Bugün daha iyi anlaşılabilmesi için kısa kısa da olsa bu gelenek kültürümüzün bazılarından bahsetmek istiyorum.
Bizim ölüm geleneklerimiz vardı. Yardımlaşma duygularıyla cenaze evine bütün komşular yemekler getirir, taziyeye gelenlere ikram edilirdi. Cenaze sahibine iş düşürülmezdi. Köyümüzde ve yakın köylerde bu uygulama vazgeçilmeyen bir kültür değeriydi. Ne var ki; zamanla şehirleşme ile birlikte, değişen yaşam standartları bu uygulamayı ortadan kaldırmıştır. Ayrıca konu öyle bir duruma gelmiş ki; cenaze sahibi tüm taziyeye gelenlere yemekler vermeye başlamıştır. Hem de bundan 20-30 yıl öncesinde daha da abartılarak koçlar, danalar kesilerek ölenin hayrına diye yemekler verilmiştir. İşin ekonomik boyutu bir yana, insanlar acıları ile baş başa iken birde soğukta, karda kışta yemek pişirmek durumunda kalırlardı. Zaman içinde, yaşam koşullarının biraz iyileşmesi sonucu hazır pide- ayran ikram edilmeye başlanılmıştır. Bu günlerde bunun da kaldırılması söz konusu edilmektedir. Kaldırılırsa iyi olur mu? Bence olur. Bırakalım cenaze sahibi acısını acı gibi yaşasın. Gelenler de başsağlığı dileyip gitsin.

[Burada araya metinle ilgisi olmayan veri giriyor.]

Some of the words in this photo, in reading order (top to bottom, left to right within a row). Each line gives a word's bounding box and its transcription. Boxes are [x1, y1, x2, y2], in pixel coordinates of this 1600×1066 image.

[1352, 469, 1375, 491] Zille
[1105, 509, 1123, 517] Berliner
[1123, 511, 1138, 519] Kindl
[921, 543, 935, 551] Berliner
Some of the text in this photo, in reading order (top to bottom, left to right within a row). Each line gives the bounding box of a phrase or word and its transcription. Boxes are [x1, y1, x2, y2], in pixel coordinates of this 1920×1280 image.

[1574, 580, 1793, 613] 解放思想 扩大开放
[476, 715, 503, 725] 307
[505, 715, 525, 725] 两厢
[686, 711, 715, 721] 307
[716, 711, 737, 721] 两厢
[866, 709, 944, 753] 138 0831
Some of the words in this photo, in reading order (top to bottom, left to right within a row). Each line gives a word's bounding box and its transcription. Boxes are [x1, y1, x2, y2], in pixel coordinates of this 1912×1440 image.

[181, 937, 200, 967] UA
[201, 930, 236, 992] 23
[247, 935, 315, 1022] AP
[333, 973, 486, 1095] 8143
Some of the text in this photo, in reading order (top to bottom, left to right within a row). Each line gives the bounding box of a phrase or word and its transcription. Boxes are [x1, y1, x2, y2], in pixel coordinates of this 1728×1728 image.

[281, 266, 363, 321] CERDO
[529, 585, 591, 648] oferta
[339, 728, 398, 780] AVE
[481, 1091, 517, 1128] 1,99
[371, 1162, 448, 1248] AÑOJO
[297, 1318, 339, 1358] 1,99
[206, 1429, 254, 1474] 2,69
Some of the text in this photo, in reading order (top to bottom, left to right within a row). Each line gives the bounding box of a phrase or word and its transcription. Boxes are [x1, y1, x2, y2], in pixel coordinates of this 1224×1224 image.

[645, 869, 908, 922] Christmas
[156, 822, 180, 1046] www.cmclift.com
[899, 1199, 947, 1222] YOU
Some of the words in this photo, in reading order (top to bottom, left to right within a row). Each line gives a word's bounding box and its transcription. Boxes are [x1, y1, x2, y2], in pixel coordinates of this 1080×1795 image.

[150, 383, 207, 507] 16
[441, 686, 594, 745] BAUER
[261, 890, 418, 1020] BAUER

Bizim düğünlerimiz vardı. Davullu-zurnalı. Halaylar çekilir, kınalar yakılır, mermiler atılır, masalar kurulur, iki gün iki gece eğlenceler olurdu. Sonunda allı pullu gelin getirilirdi. Düğün kültürümüzde abdallar dediğimiz ustaların, Kırşehir folklör değerlerini yansıtmalarına doyulmazdı. Bir zaman köçekler oynardı. Güzelliği tartışılır ama o da unutuldu. Zaman içinde düğün geleneklerimiz de erozyona uğradı ve koca salonlara girdi. Ne olduğu anlaşılmayan bir gürültü müziği ile iki saatlik bir zamana sığdırılır oldu. Günümüzdeki düğünler daha mı iyi? Bence değil. Teknolojik gelişme tabii ki iyidir. Ama düğün geleneklerimizi süpürüp gitti. Davullu-zurnalı, tan pilavlı düğünleri tercih ederim.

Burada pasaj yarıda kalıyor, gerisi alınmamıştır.